Epidemiological and controlled human exposure studies suggest that people with asthma are more susceptible to the effects of NO2 when compared with healthy individuals (Bauer et al. 1986; Belanger et al. 2006; Bylin et al. 1988; Hasselblad et al. 1992; Jorres and Magnussen 1990; Strand et al. 1996).
However, despite the extensive literature on NO2-induced health effects, some inconsistencies in the results of studies have been noted (Jarvis et al. 2010). In asthmatics, NO2 exposure without allergen challenge did not result in lung functional changes in most studies (Avol et al. 1988; Kleinman et al. 1983; Linn et al. 1986; Mohsenin 1987), and inconsistent results were found in airway responsiveness after nonspecific bronchoconstrictor challenges (Bylin et al. 1988; Hazucha et al. 1983; Jorres and Magnussen 1991; Kleinman et al. 1983; Roger et al. 1990; Strand et al. 1996). After allergen challenge, exposure to NO2 in asthmatics increased airway hyperresponsiveness (Jenkins et al. 1999; Strand et al. 1997, 1998; Tunnicliffe et al. 1994) and eosinophilic inflammation (Barck et al. 2002, 2005).
A few studies have investigated the inflammatory response to a single exposure of NO2 without allergen challenge in asthmatics, but the findings have been inconsistent (Jorres et al. 1995; Solomon et al. 2004; Vagaggini et al. 1996).

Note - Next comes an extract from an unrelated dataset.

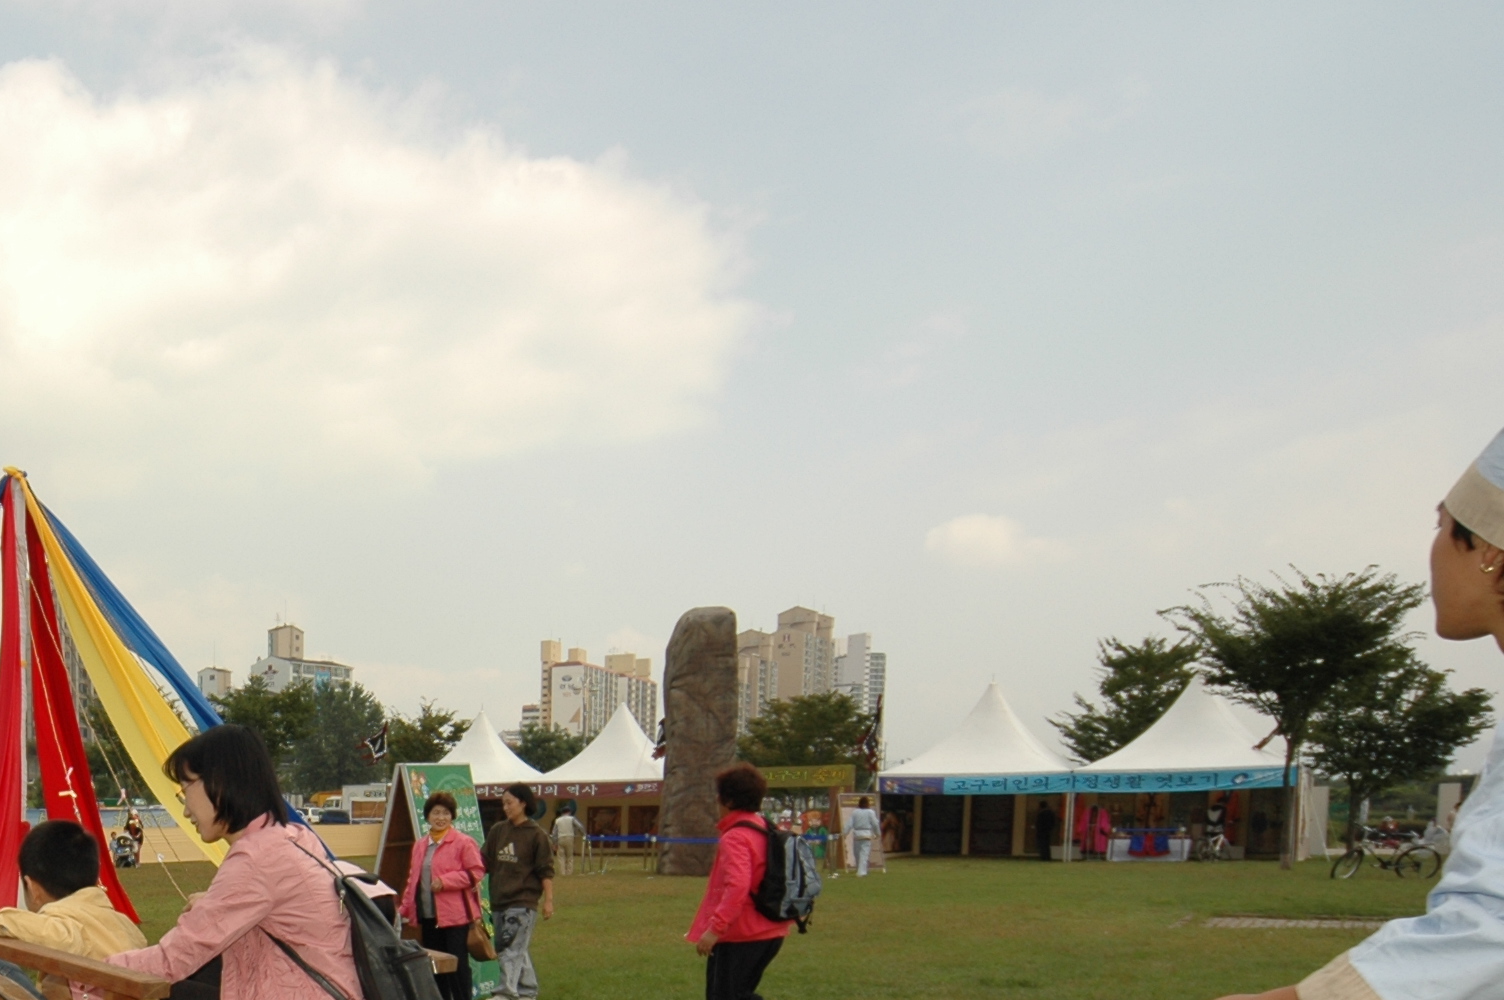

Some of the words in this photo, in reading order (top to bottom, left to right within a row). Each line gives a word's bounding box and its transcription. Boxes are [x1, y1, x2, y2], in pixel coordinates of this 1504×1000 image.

We investigated whether repeated brief exposures to 200 ppb (380 μg/m3) and 600 ppb (1,130 μg/m3) NO2, which mimic indoor NO2 peaks, enhance airway inflammation in asthmatics. This clinical study involved 19 adults with intermittent asthma and used a randomized double-blind protocol with assessment of inflammatory response in induced sputum.
Materials and Methods
Participants. Nineteen patients [14 men and 5 women; median age, 29 years; age range, 20–69 years; median body mass index (BMI), 26 kg/m2; BMI range, 20–39 kg/m2] were included in the study (Table 1). All had intermittent asthma as defined by the Global Initiative for Asthma (2010) guidelines and were nonsmokers (18 had never smoked and 1 had stopped smoking some 10 years earlier). Only patients who had a diagnosis of asthma confirmed by a positive methacholine challenge performed twice at baseline 10–30 days before the first exposure were included in the study. A positive methacholine test was defined as a methacholine provocative dose causing a 20% decrease in forced expiratory volume in 1 sec (FEV1) from control FEV1 (PD20 methacholine) < 4 mg. All participants had allergy to house dust mites (HDM) and/or pollen confirmed by a positive skin-prick test done ≥ 4 weeks before their inclusion in the study. The study was performed outside the pollen season for those who had been diagnosed with pollen allergies. Of the 19 participants, 6 had a personal history of atopic dermatitis and/or an atopic familial history. None of those six used inhaled or oral corticosteroids or other antiinflammatory therapy, and the only permitted medication was an inhaled β2-agonist, used as needed during the study period (from baseline, i.e., 30 days before the first NO2 exposure until the end of the study 2 weeks after the last exposure). Participants who had gas stoves and/or unvented combustion appliances at home were told not to use them at baseline and on the days of exposures and during the 2 days before and after NO2 exposure. All participants had to be free of airway infection for at least 6 weeks before baseline measurements.
The study was registered by the French Ministry of Health (DGS 2006/0016) and approved by the Ethics Committee of Hotel-Dieu Hospital, Paris, France (project 0611398, registered on 28 February 2007). All participants signed informed consent forms before enrollment in the study.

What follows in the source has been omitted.